Aim of the exercise: Scan each line of the records for the word "phrase" and extract the ones that have it.

Provided data:
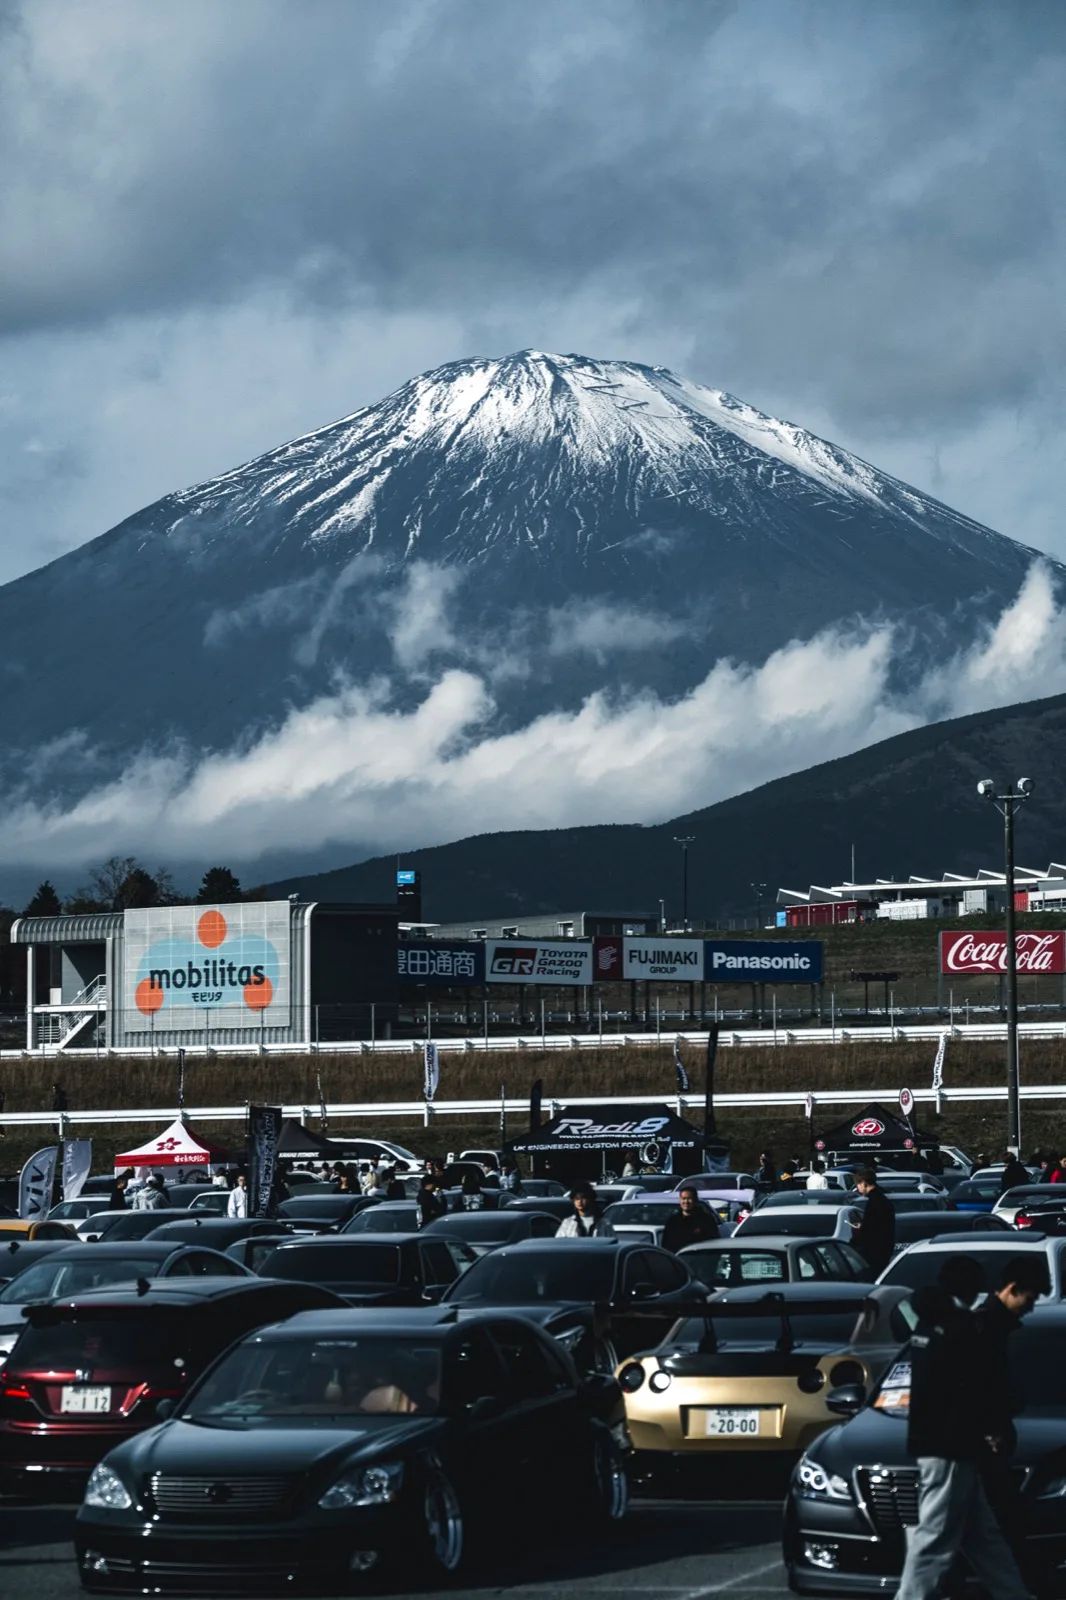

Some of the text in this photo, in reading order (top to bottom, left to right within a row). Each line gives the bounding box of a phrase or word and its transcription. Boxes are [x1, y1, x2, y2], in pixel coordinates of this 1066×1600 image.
==
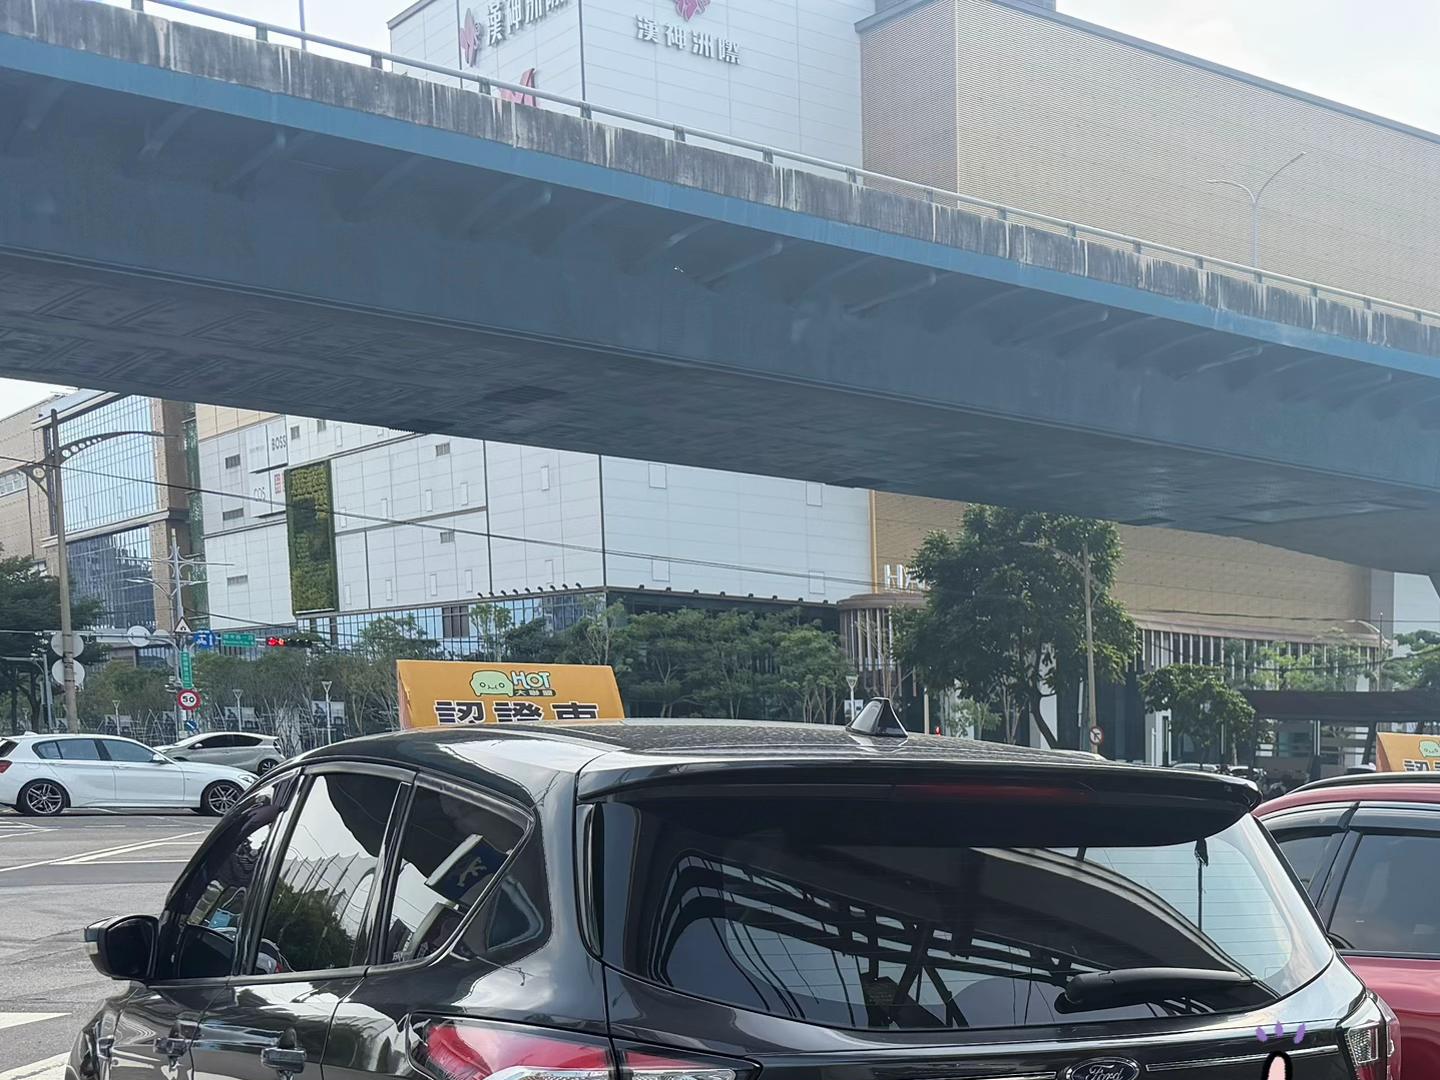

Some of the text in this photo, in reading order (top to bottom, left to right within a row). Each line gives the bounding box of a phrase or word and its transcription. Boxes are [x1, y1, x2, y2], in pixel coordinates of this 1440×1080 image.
...
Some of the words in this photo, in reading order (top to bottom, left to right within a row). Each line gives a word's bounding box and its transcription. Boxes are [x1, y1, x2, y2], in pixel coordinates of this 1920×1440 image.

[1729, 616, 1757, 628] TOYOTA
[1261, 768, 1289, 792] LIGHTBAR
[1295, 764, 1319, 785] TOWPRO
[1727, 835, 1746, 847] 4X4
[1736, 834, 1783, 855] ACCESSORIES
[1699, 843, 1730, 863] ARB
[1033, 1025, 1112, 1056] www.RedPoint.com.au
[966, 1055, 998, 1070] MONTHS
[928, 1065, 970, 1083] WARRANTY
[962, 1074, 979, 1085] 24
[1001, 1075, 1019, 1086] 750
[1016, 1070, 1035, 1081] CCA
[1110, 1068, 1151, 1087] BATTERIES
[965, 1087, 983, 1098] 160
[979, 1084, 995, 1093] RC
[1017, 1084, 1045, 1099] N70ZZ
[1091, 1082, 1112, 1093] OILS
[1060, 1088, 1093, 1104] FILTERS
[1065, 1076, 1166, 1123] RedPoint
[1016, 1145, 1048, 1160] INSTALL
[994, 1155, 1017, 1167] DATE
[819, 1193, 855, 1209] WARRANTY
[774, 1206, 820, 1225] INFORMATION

Solution for this problem:
Some of the text in this photo, in reading order (top to bottom, left to right within a row). Each line gives the bounding box of a phrase or word and its transcription. Boxes are [x1, y1, x2, y2], in pixel coordinates of this 1066×1600 image.
Some of the text in this photo, in reading order (top to bottom, left to right within a row). Each line gives the bounding box of a phrase or word and its transcription. Boxes are [x1, y1, x2, y2], in pixel coordinates of this 1440×1080 image.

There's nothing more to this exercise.